====== DATA ======
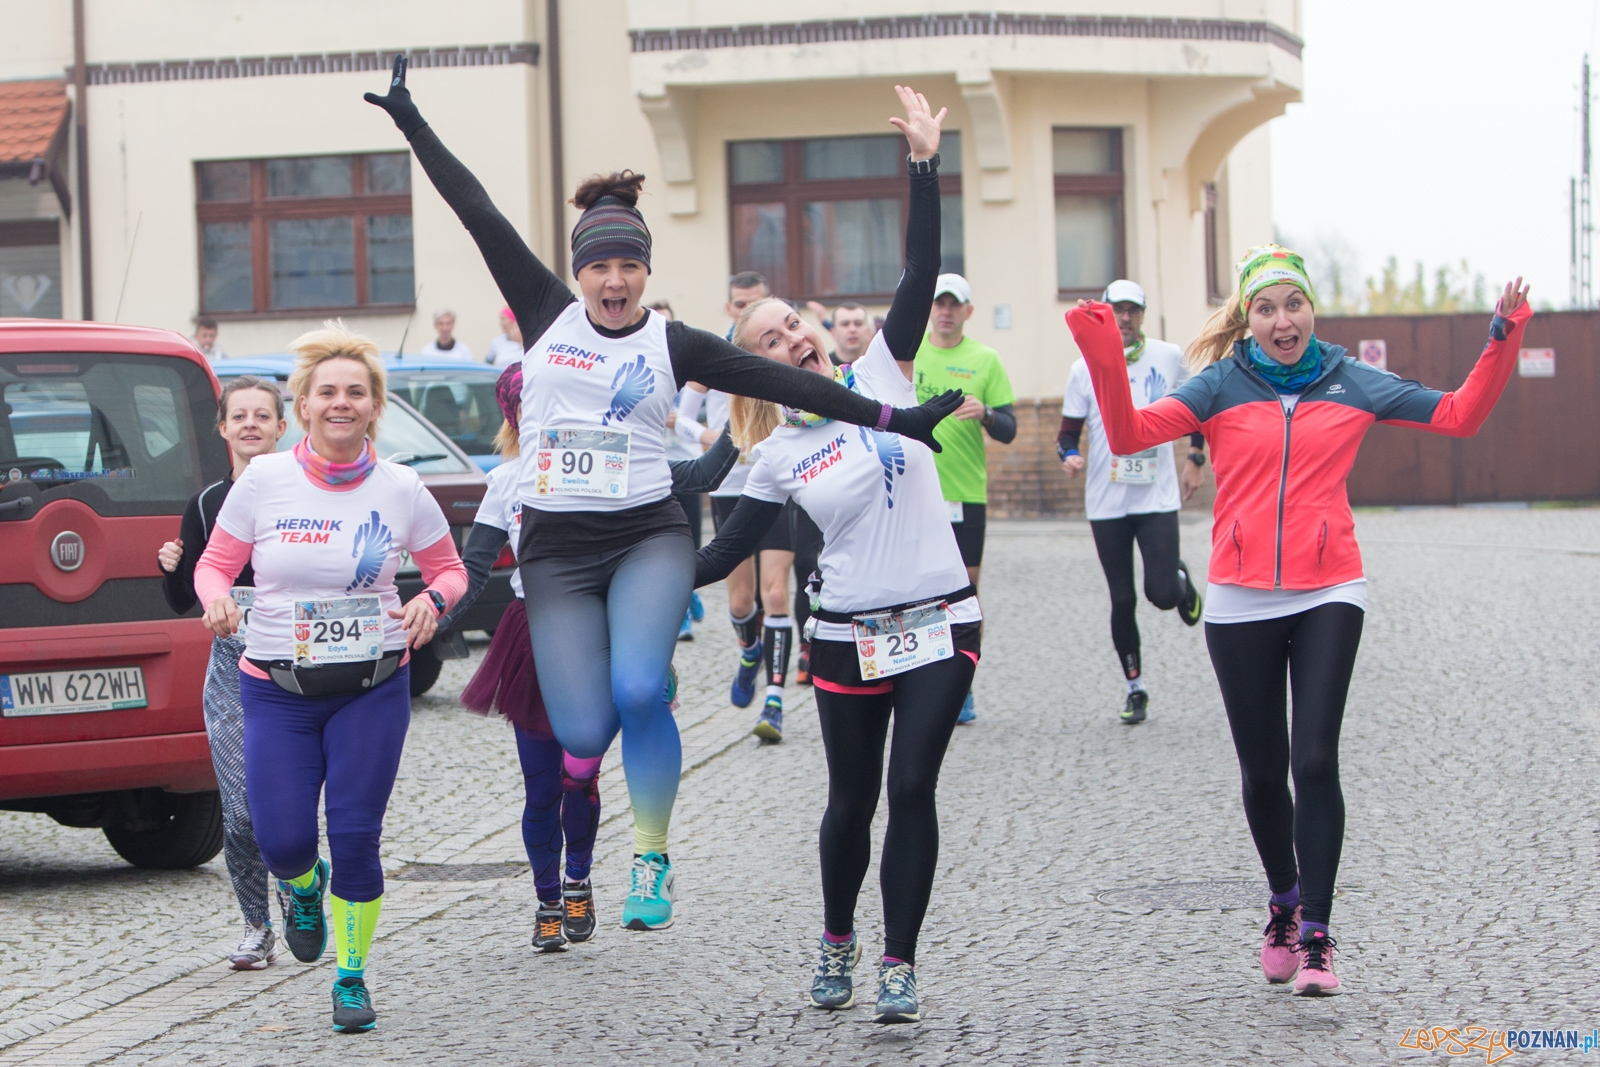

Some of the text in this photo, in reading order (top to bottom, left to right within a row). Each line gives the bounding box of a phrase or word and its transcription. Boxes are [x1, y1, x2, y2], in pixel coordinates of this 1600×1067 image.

[546, 343, 609, 364] HERNIK
[547, 354, 594, 371] TEAM
[561, 450, 593, 475] 90
[792, 432, 847, 479] HERNIK
[800, 450, 842, 484] TEAM
[1125, 458, 1143, 473] 35
[562, 477, 589, 485] Ewelina
[276, 518, 343, 532] HERNIK
[280, 532, 330, 544] TEAM
[59, 542, 78, 561] FIAT
[313, 618, 362, 644] 294
[327, 645, 348, 653] Edyta
[886, 632, 919, 657] 23
[885, 657, 931, 674] POLINOVA POLSKA
[893, 654, 917, 665] Natalia
[15, 670, 141, 706] WW 622WH
[2, 696, 13, 705] PL
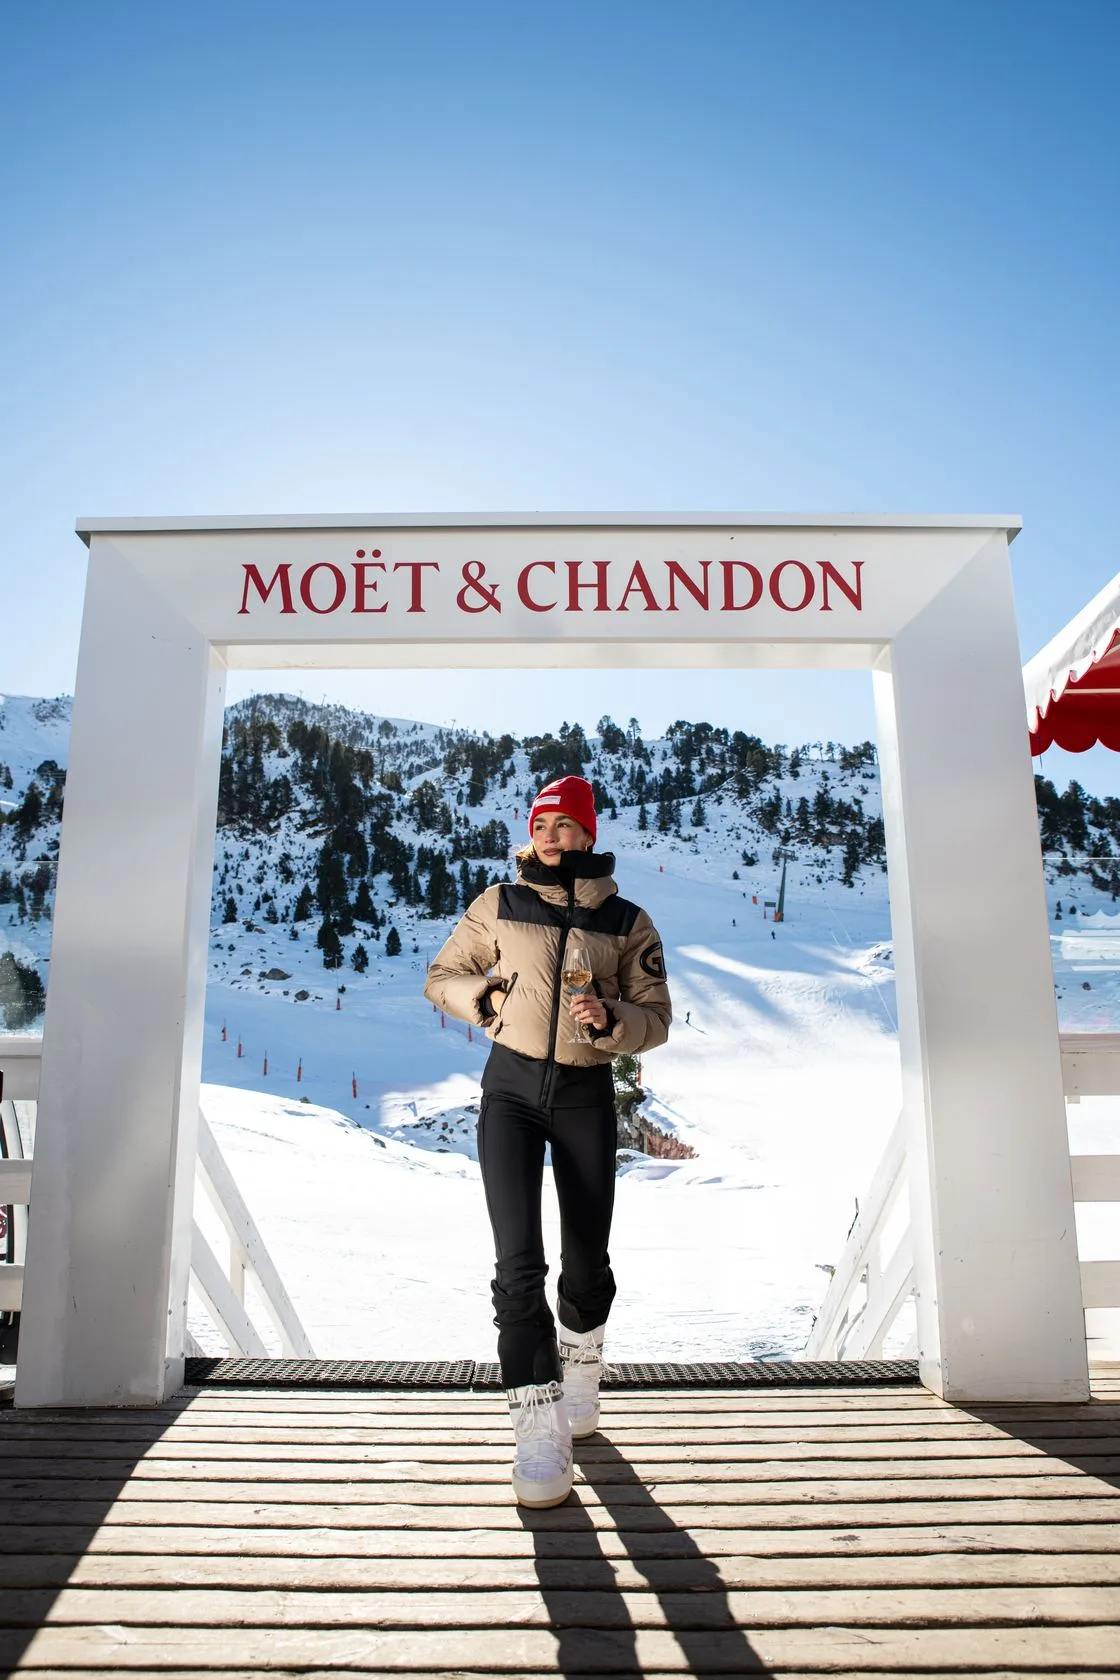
======
EXERCISE DIRECTIONS:
Without the pictures, write out all of the material exactly.

EXERCISE RESPONSE:
Some of the text in this photo, in reading order (top to bottom, left to right within a row). Each line gives the bounding box of a phrase or word and its transcription. Boxes are [x1, y1, x2, y2], in pixel coordinates of this 1600×1067 image.

[546, 343, 609, 364] HERNIK
[547, 354, 594, 371] TEAM
[561, 450, 593, 475] 90
[792, 432, 847, 479] HERNIK
[800, 450, 842, 484] TEAM
[1125, 458, 1143, 473] 35
[562, 477, 589, 485] Ewelina
[276, 518, 343, 532] HERNIK
[280, 532, 330, 544] TEAM
[59, 542, 78, 561] FIAT
[313, 618, 362, 644] 294
[327, 645, 348, 653] Edyta
[886, 632, 919, 657] 23
[885, 657, 931, 674] POLINOVA POLSKA
[893, 654, 917, 665] Natalia
[15, 670, 141, 706] WW 622WH
[2, 696, 13, 705] PL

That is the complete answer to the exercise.